Migrant rights activists block set-up of London arms fair
Photos available at: https://www.flickr.com/photos/wdm/sets/72157685963971990
- Day of creative action to block the set-up of DSEI arms fair in London, including an “alternative border force” of drag artists and ex-military veterans stopping vehicles delivering weaponry for display at the arms fair
- ‘Free Movement for People not Weapons’ demonstration targets companies supplying weaponry that fuel wars and profiting from militarised borders and surveillance technology
On Thursday 7 September, migrant rights activists used theatre, dance and direct action picnics to delay deliveries of weapons for display at Defence & Security Equipment International 2017 (DSEI), one of the world’s biggest arms fairs, which is due to take place next week at the Excel Centre in East London. Taking part in a week of action designed to prevent the set-up of the biennial arms fair, activists called for ‘Free Movement for People not Weapons’.
Hundreds of weapons manufacturers and private security companies will be exhibiting at DSEI. Many of them are directly profiting from conflicts which drive people from their homes, as well as from deadly borders and the inhumane treatment of migrants.
Militarized borders kill tens of thousands of people every year, so there is a booming private security industry that sees commercial opportunity in these racist border controls. It is estimated to be worth £13.7 billion annually, and this is expected to rise to £26.5 billion by 2022.
Organised by migrant-led feminist and queer groups, the day of action will feature workshops, theatre and dance led by migrants and people on the front lines of military and border violence, exploring the issues and calling for an end to the detention and criminalization of migrants.
The All African Women’s Group performed their play, We Are Here Because You Were There, while queer music and drag artists joined with ex-military veterans to obstruct vehicles attempting to enter the arms fair by conducting ‘citizens weapons inspections’.
Kahra Wayland-Larty, a campaigner from Global Justice Now said:
“As Theresa May's government prepares to roll out the red carpet for arms dealers, there is an increasingly hostile environment for migrants and refugees on the streets of Britain. The missiles and drones due to be showcased in East London won’t face border controls as they go on to wreak havoc around the world. But the people who flee for their safety as a result will face violence and persecution at militarised borders as they are forced to migrate. That's why we're taking action today – to join the dots between the dealers in death at DSEI and the tens of thousands around the world facing the effects of these weapons of war."
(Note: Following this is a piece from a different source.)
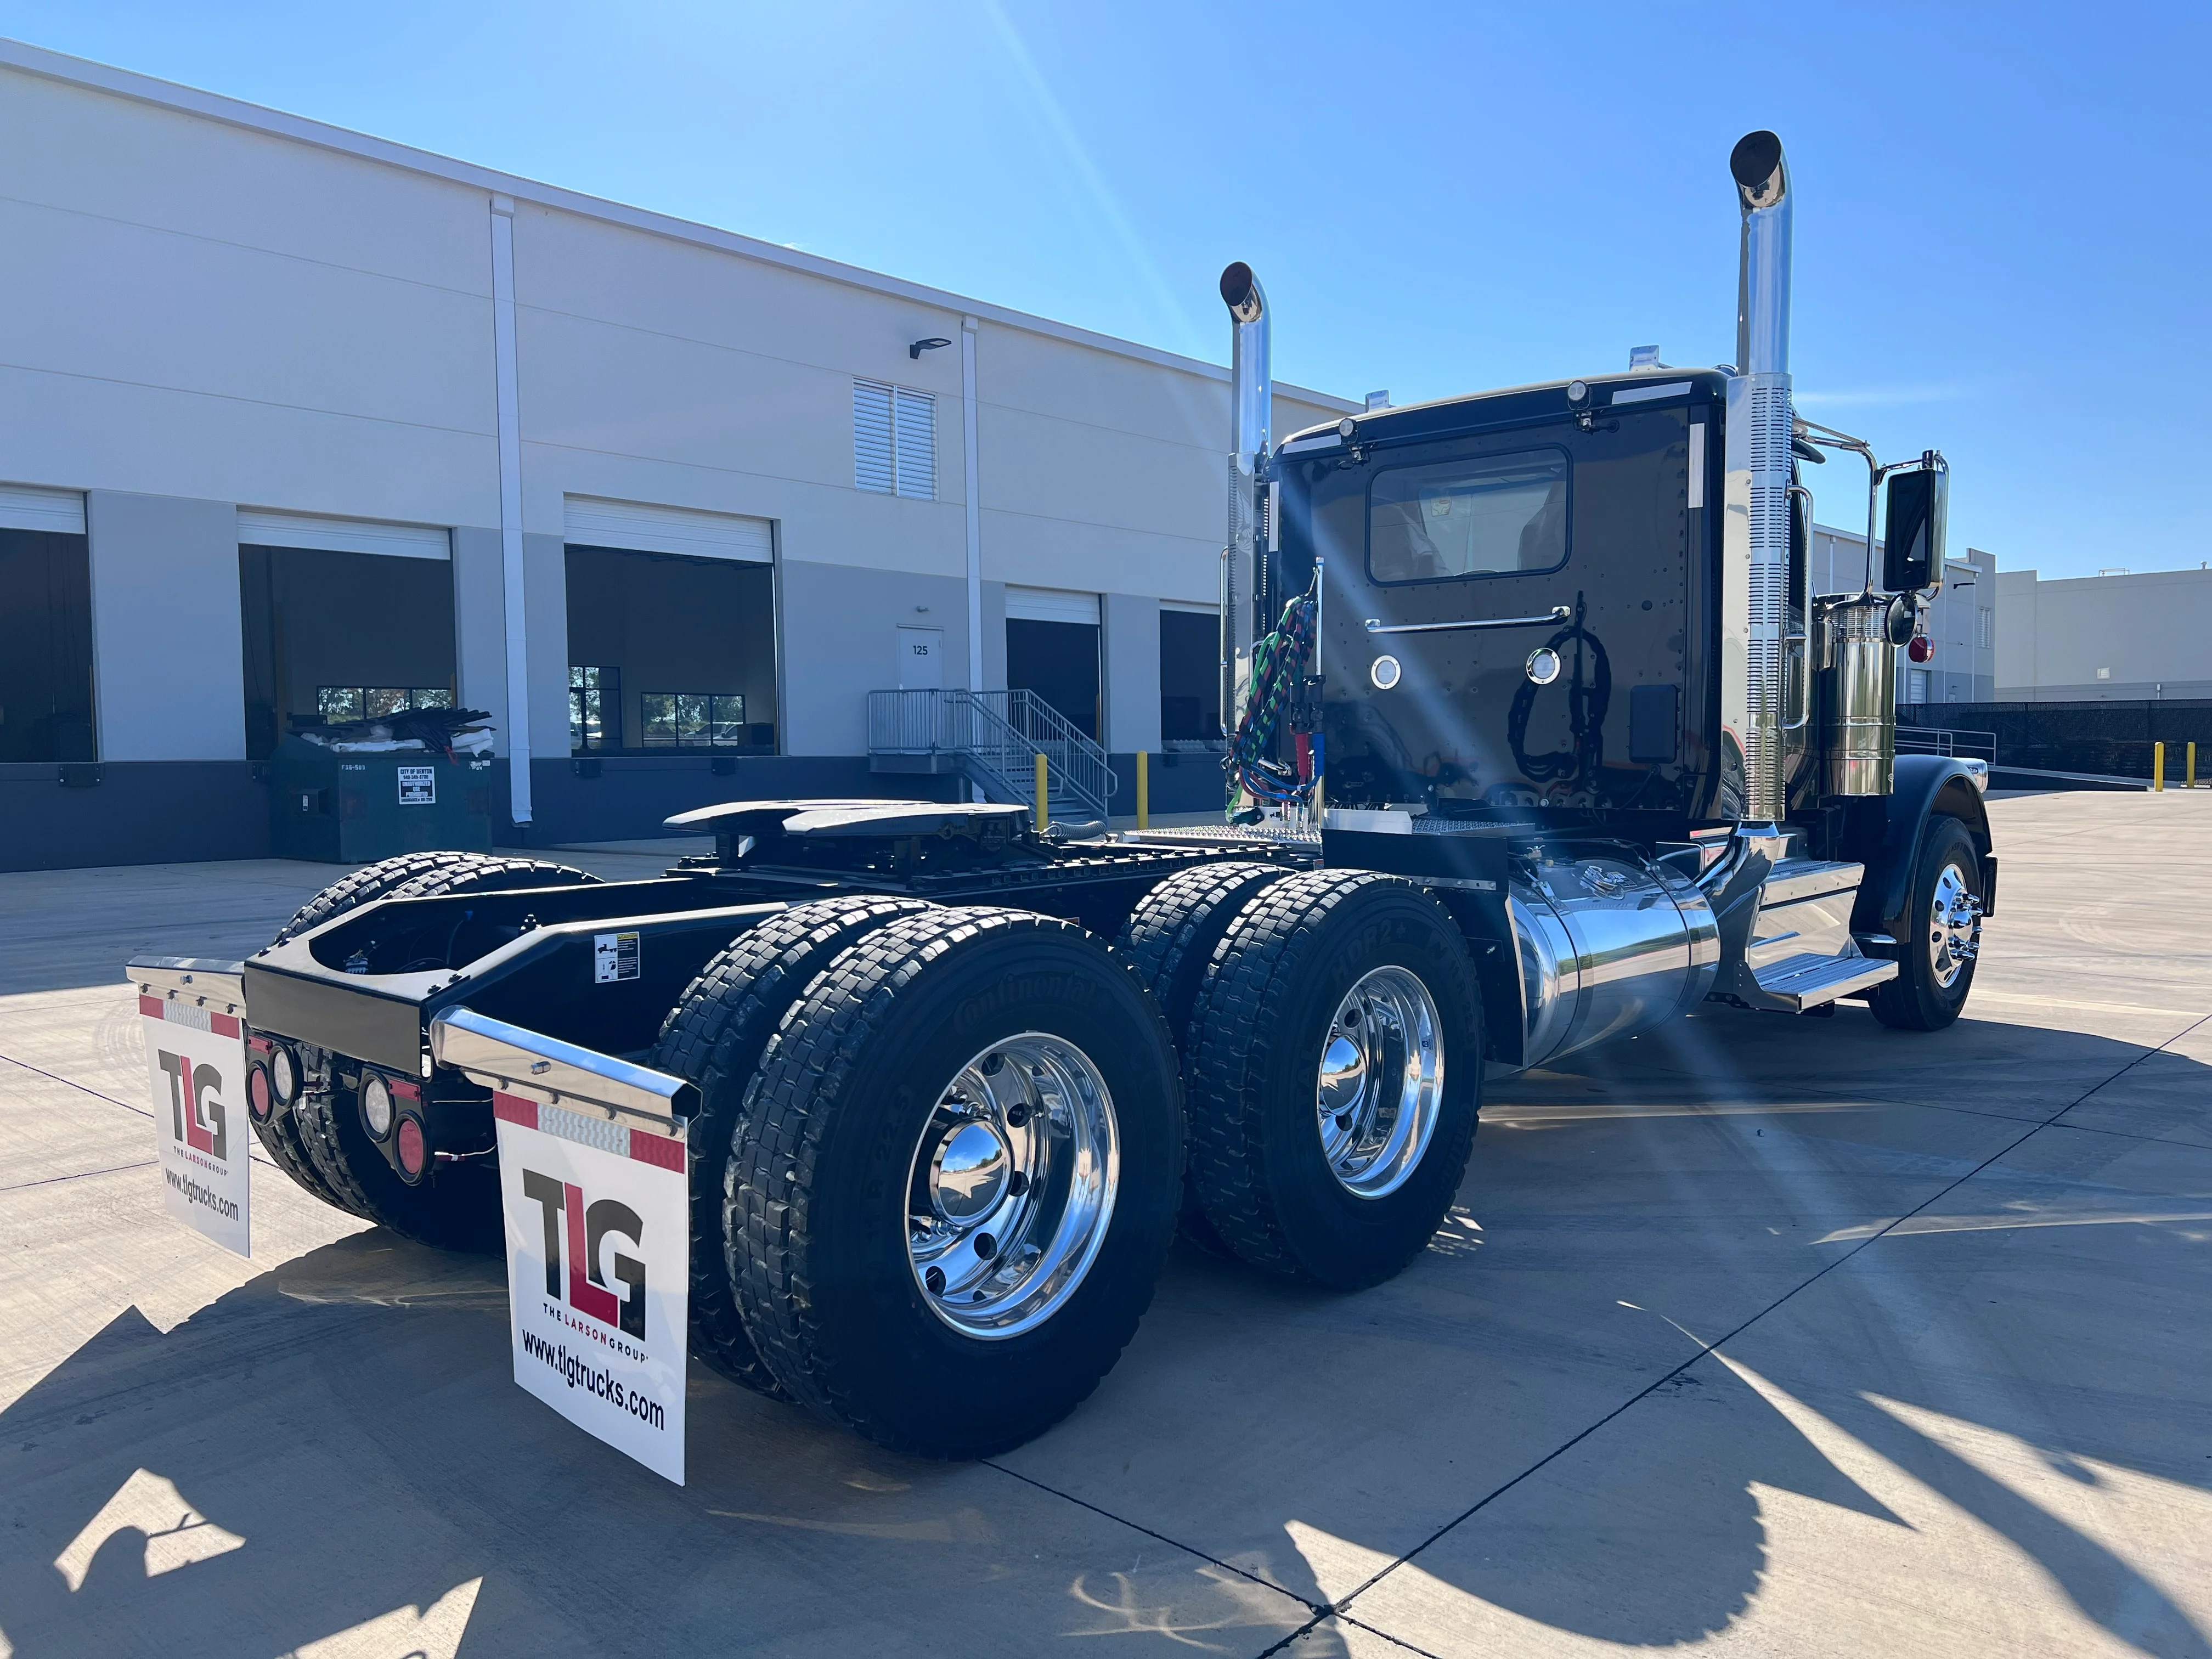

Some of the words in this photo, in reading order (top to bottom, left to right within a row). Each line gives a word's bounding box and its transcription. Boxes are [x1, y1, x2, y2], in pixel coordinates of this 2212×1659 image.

Sara C from Women of Colour Global Women's Strike said:
“Immigrants are here because Western governments are militarily involved directly or by proxy in many countries, fuelling environmental destruction, poverty and the arms trade, to enrich themselves. Millions have no choice but to flee death, starvation, rape, devastation, pollution. We have a right to cross borders, and survive. We have a right to be here because we are owed for 500 years of imperial theft – $14.2 trillion in the African slave trade alone.”
A spokesperson from the All African Women’s Group said:
“We are here because we were imprisoned, raped, starved, saw our children killed or taken from us under dictatorships armed by Western governments and/or corporations. When we get to the UK we are treated like beggars and criminals and made destitute. Two-thirds of the women in our group have been detained in Yarl’s Wood IRC where we’ve led hunger strikes and other protests against sexist, racist abuse (including sexual violence) by G4S and Serco guards.”
“We are campaigning to show that the way asylum seekers are treated gives a green light to racism against all people of colour and immigrant people and that we can come together against the devaluing of all our lives.”
The action is part of a week of action called by Stop the Arms Fair against the DSEI arms fair.